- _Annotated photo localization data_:
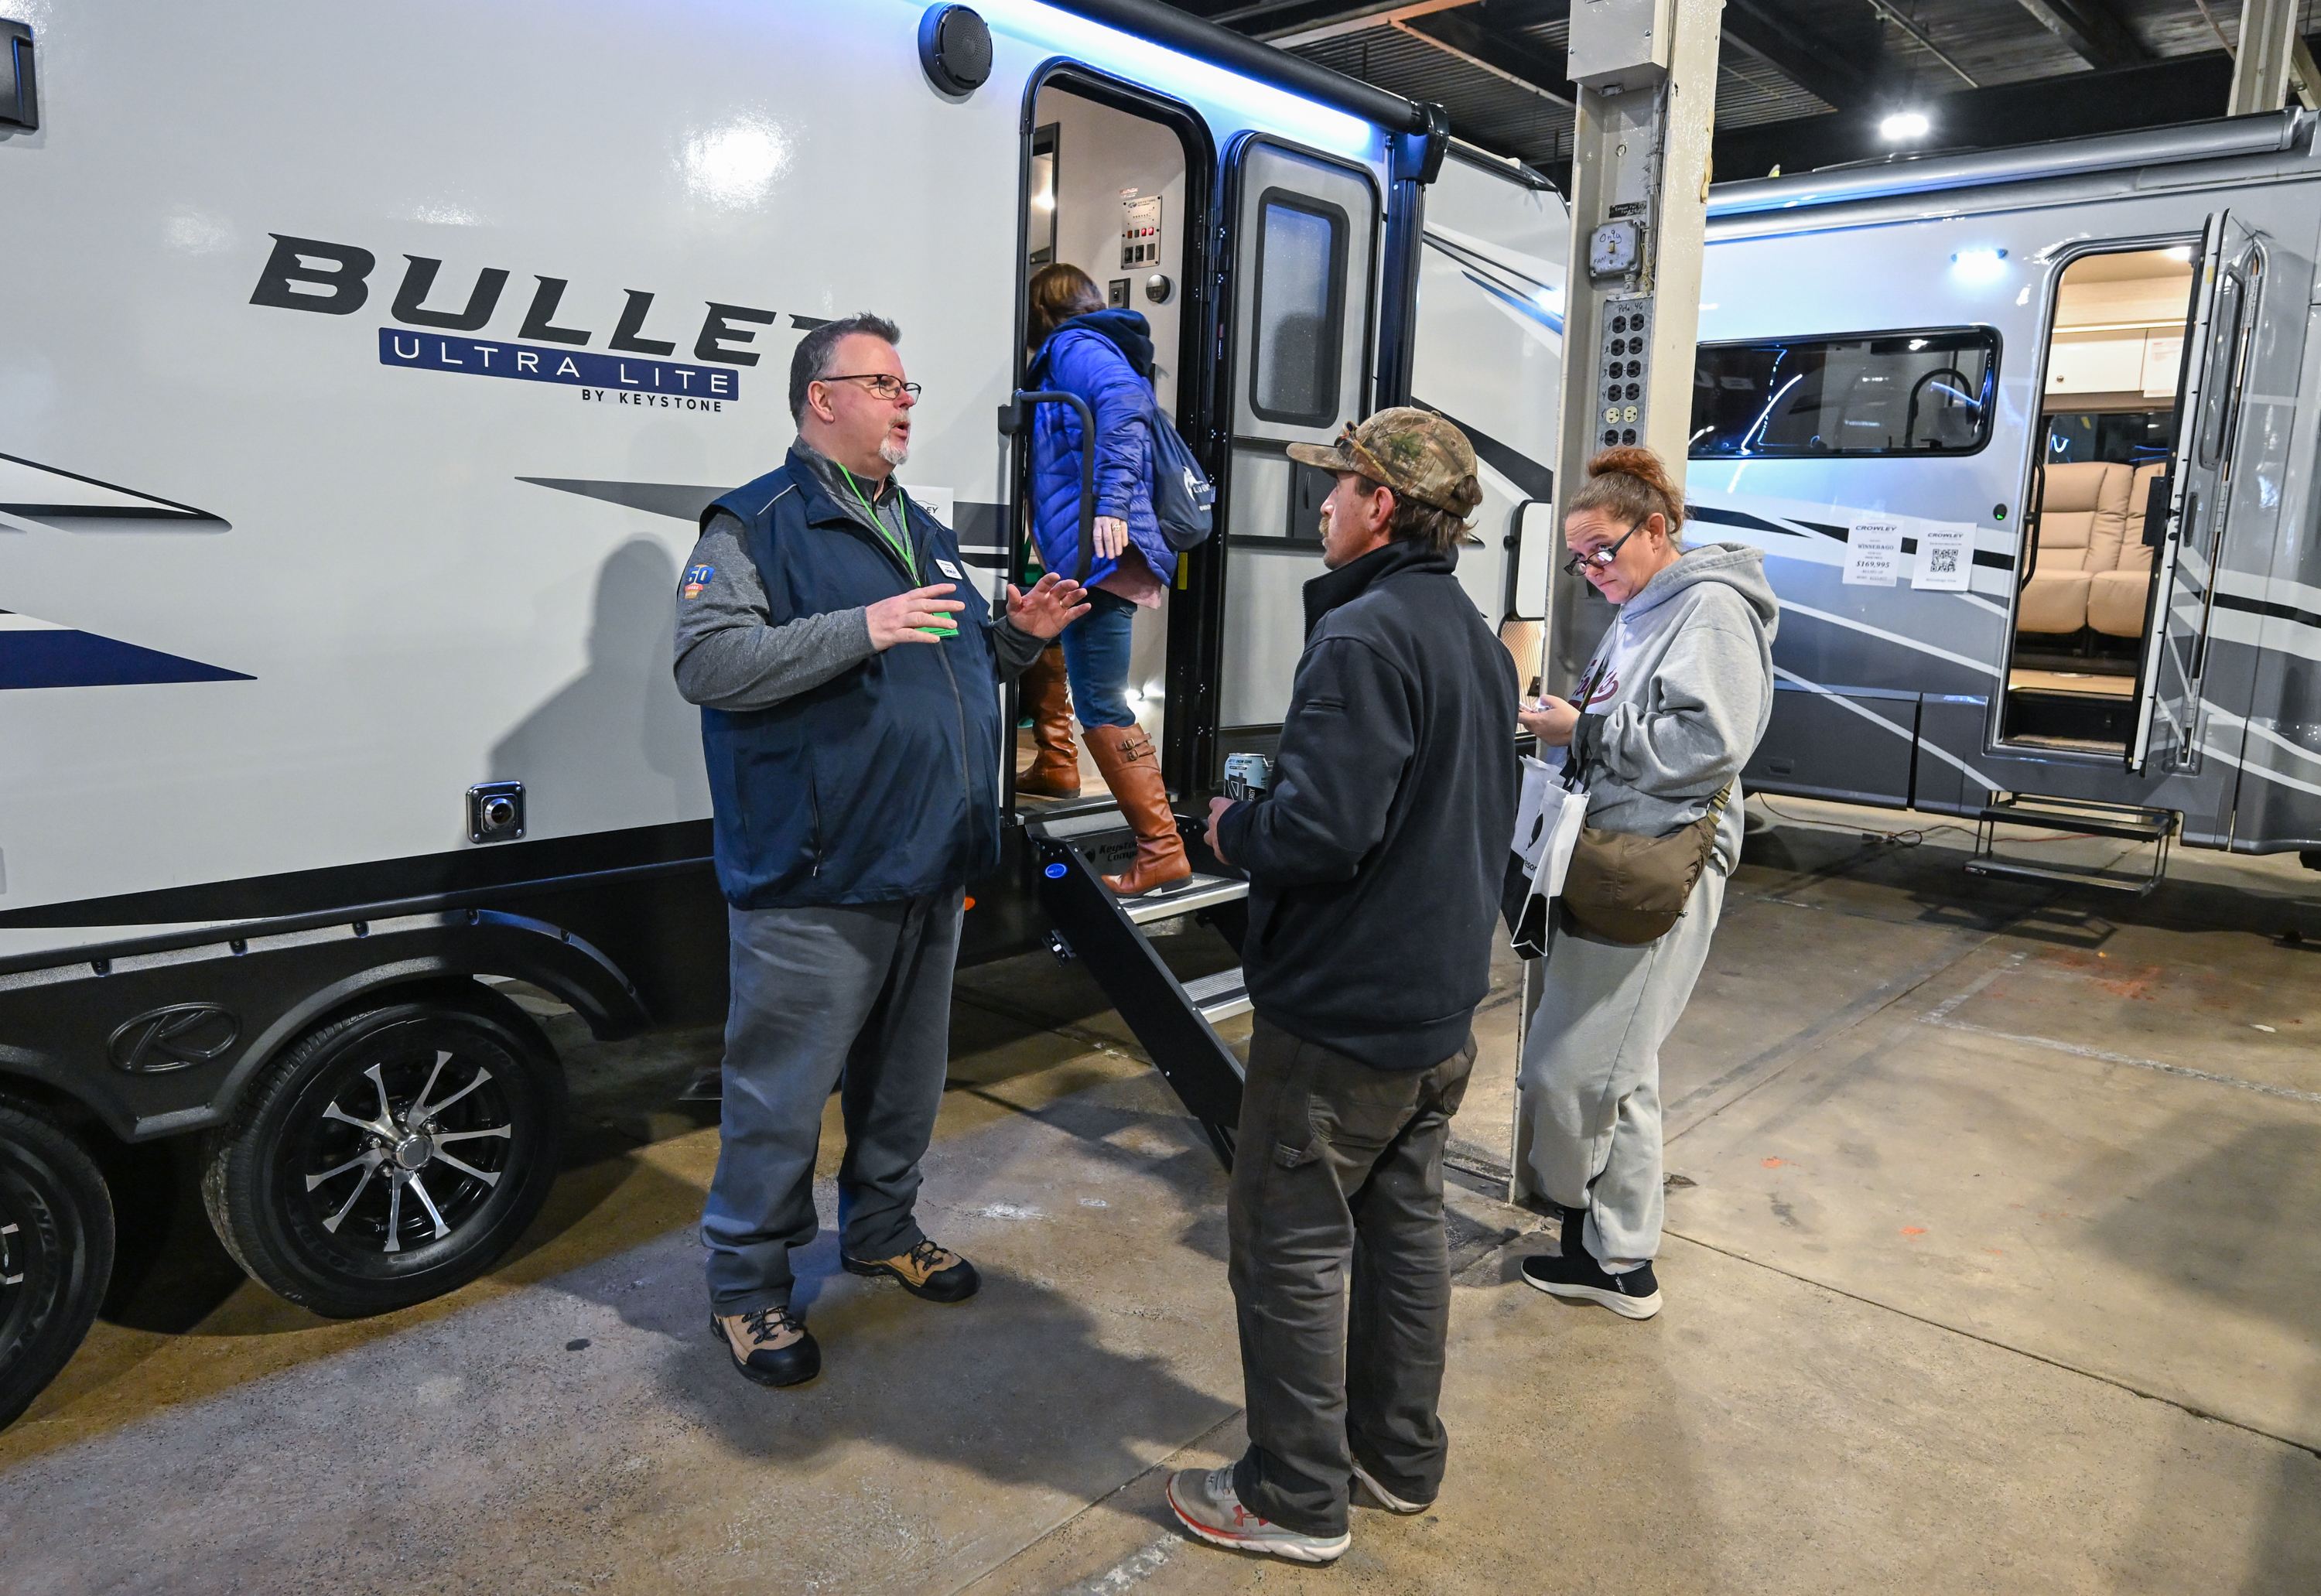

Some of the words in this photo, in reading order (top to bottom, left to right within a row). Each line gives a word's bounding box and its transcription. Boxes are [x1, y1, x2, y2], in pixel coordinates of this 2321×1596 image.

[393, 336, 581, 378] ULTRA
[620, 364, 730, 395] LITE
[582, 388, 604, 402] BY
[619, 392, 723, 412] KEYSTONE

- _EXERCISE DIRECTIONS_: No pictures should appear in the copy, and each record above is to be returned exactly.

- _EXERCISE RESPONSE_:
Some of the words in this photo, in reading order (top to bottom, left to right within a row). Each line gives a word's bounding box and its transcription. Boxes are [x1, y1, x2, y2], in pixel coordinates of this 2321×1596 image.

[393, 336, 581, 378] ULTRA
[620, 364, 730, 395] LITE
[582, 388, 604, 402] BY
[619, 392, 723, 412] KEYSTONE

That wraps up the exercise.